SpeechCraft: AI-Powered Voice Conversion

Generate speech in a specific voice by providing text and a reference audio sample!

Overview

SpeechCraft is an AI tool that allows you to convert written text into spoken audio, mimicking the voice characteristics from a reference audio sample. This is useful for creating voiceovers, narration, or dialogue in a consistent voice without needing to record the voice actor for every line.

SpeechCraft Screenshot

Text Input

Provide the text you want to convert to speech.

Reference Audio

Upload a reference audio file or URL containing the voice you want to use.

AI Voice Cloning

Generate new speech in the style and tone of the reference voice.

Customizable Options

Select model type and remove silence for refined output.

How to Use SpeechCraft

Follow these steps to convert text to speech using a reference voice:

Enter Text to Convert

Input the text you want to convert into speech in the main text area.

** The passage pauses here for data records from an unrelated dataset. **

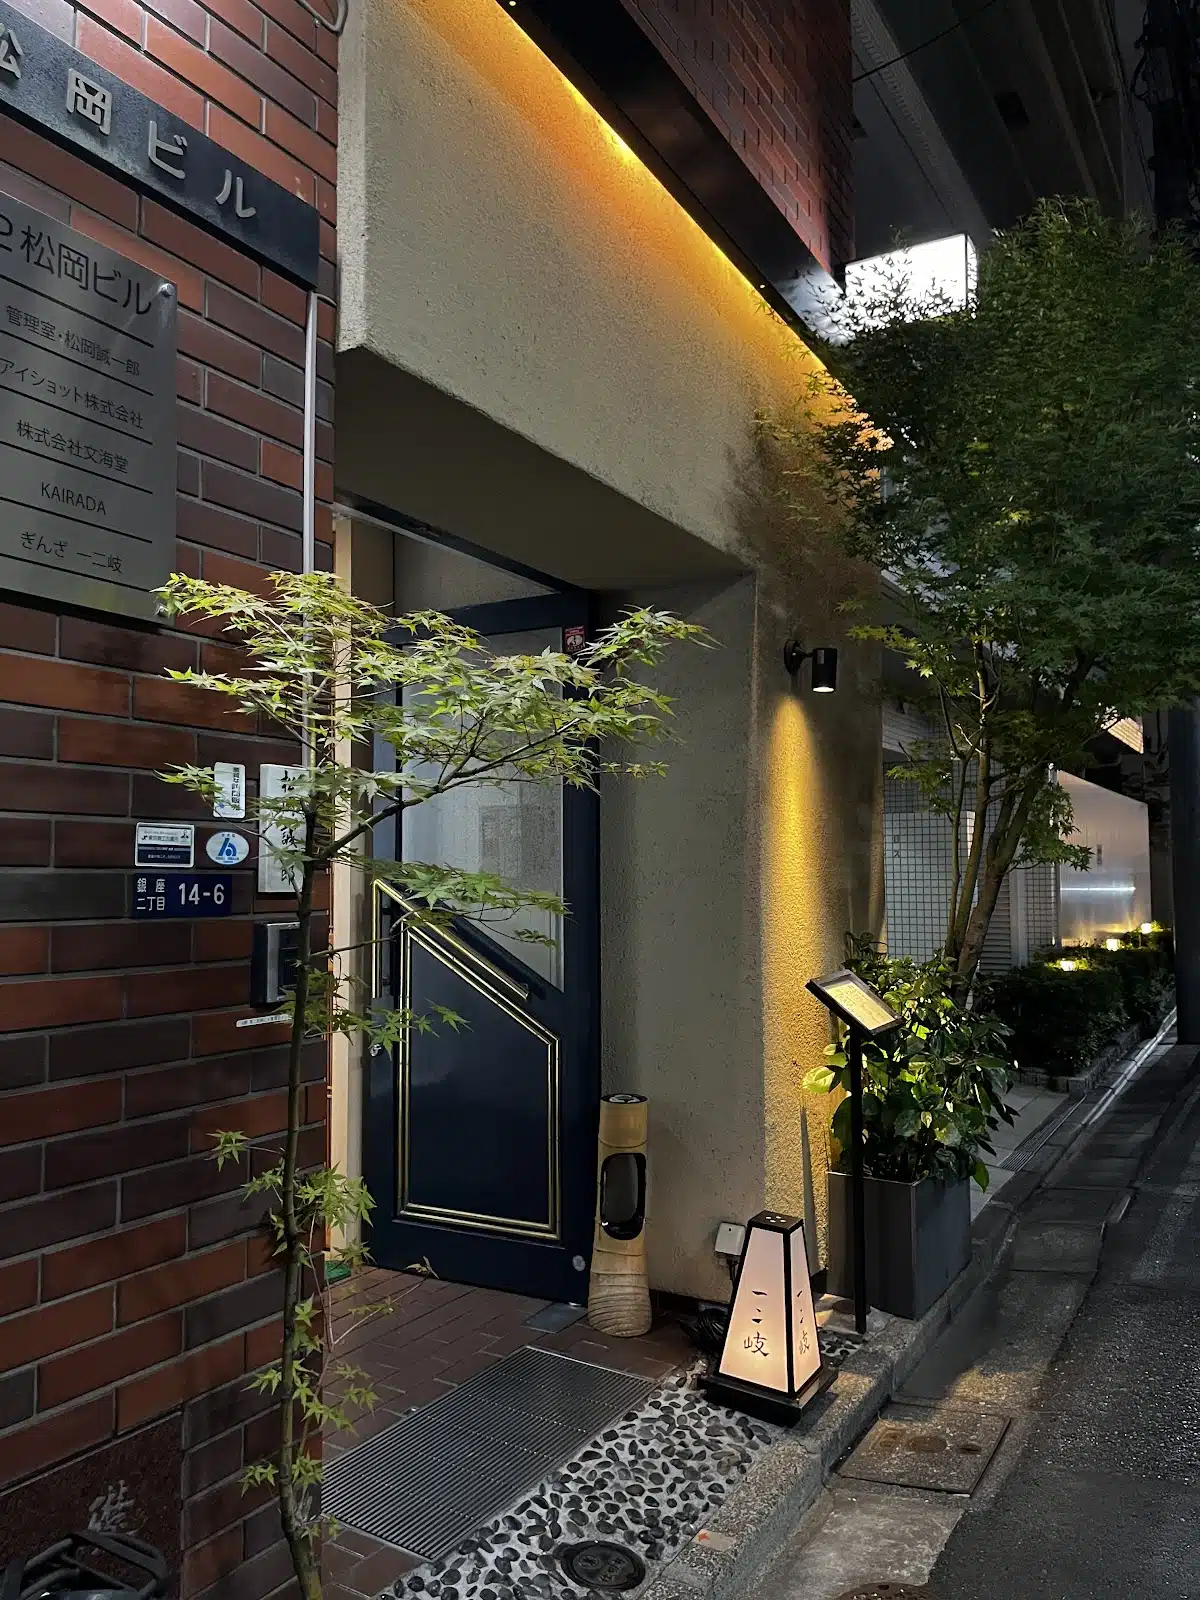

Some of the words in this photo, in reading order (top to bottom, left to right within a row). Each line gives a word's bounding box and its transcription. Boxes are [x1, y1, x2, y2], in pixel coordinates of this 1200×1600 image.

[17, 419, 129, 474] 株式会社文海堂
[41, 481, 107, 516] KAIRADA
[20, 531, 69, 558] ぎんざ
[136, 877, 166, 893] 銀座
[178, 882, 225, 905] 14-6
[136, 896, 166, 911] 二丁目

The estimated credit cost will update as you type.

Provide Reference Audio

Provide the audio sample of the voice you want to use:

  • Upload Reference Audio: Click Choose File to upload an audio file from your device (audio/* formats supported). Maximum file size is 10MB.
  • Reference Audio URL: Enter the URL of an existing audio file online.

Enter Reference Text (Optional)

In the Reference Text field, you can optionally enter the text that is spoken in the reference audio. Providing this can sometimes help the AI better understand and replicate the voice.

Select Model Type

Choose the Model Type from the dropdown menu:

  • F5-TTS: A general-purpose TTS model.
  • E2-TTS: Another TTS model option. Experiment to see which model works best for your specific reference audio and text.

Remove Silence (Optional)

Check the Remove Silence box if you want the AI to automatically detect and remove periods of silence from the generated audio.

Convert to Speech

Click the Convert to Speech button. Ensure you have enough credits. The AI will process your text and reference audio to generate the new speech audio.

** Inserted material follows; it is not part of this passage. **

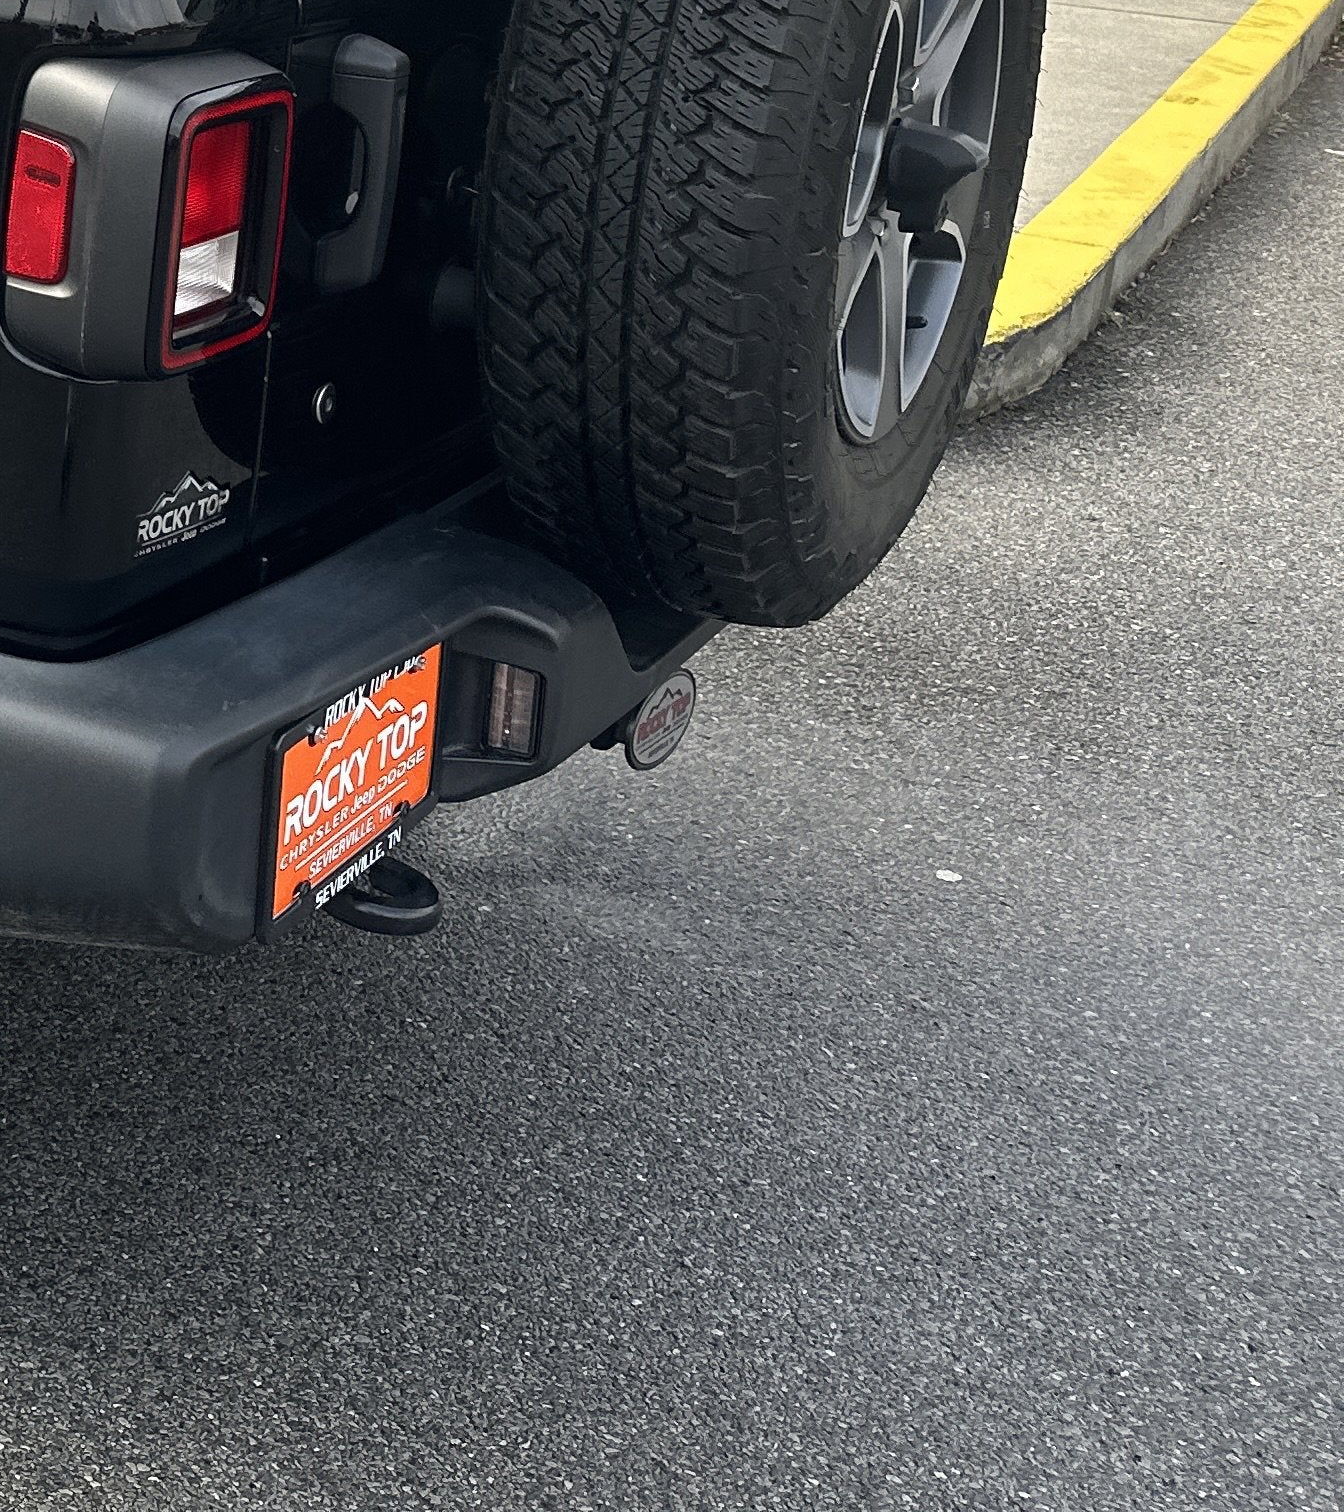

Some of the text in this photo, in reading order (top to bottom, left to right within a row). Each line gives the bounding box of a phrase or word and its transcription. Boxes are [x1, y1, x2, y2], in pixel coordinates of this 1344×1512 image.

Input Parameters and Options

SpeechCraft requires text and a reference audio source, along with adjustable parameters:

Text to convert
string
required

The written content you want to convert into spoken audio.

Upload Reference Audio
file

Upload an audio file containing the voice you want to replicate. Max size: 10MB.

Reference Audio URL
string
required

Enter the URL of an audio file containing the voice you want to replicate.

Reference Text
string

(Optional) The text spoken in the reference audio.

Model Type
Enum

Select the AI model for speech synthesis (F5-TTS or E2-TTS).

Remove Silence
boolean

Toggle to automatically remove silent portions from the output audio.

Generated Audio History

SpeechCraft keeps a history of your generated audio conversions.

Credits

Converting text to speech with SpeechCraft costs 1 credit per 100 characters of the text you enter in the main text area. The estimated cost is displayed below the text input field.

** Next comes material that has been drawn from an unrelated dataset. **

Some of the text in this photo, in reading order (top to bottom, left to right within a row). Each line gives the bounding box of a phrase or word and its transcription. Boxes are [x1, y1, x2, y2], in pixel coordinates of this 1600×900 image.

Your current credit balance is displayed at the top left of the interface. Click the Buy More button to purchase additional credits if needed.

Tips for Best Results

High-Quality Reference Audio

Use a clear, high-fidelity audio sample with minimal background noise for the best voice replication.

Accurate Reference Text (Optional)

If providing reference text, ensure it accurately matches the audio sample.

Clear Text to Convert

Ensure the text you want to convert is free of typos and complex formatting.

Experiment with Models

Try both F5-TTS and E2-TTS models to see which provides a better result for your specific voice and text.

Troubleshooting

If you encounter issues with SpeechCraft, consider these solutions:

Conclusion

SpeechCraft provides a powerful and accessible way to generate speech in a desired voice using AI. By providing clear text and a quality reference audio sample, you can create custom voiceovers and audio content with ease.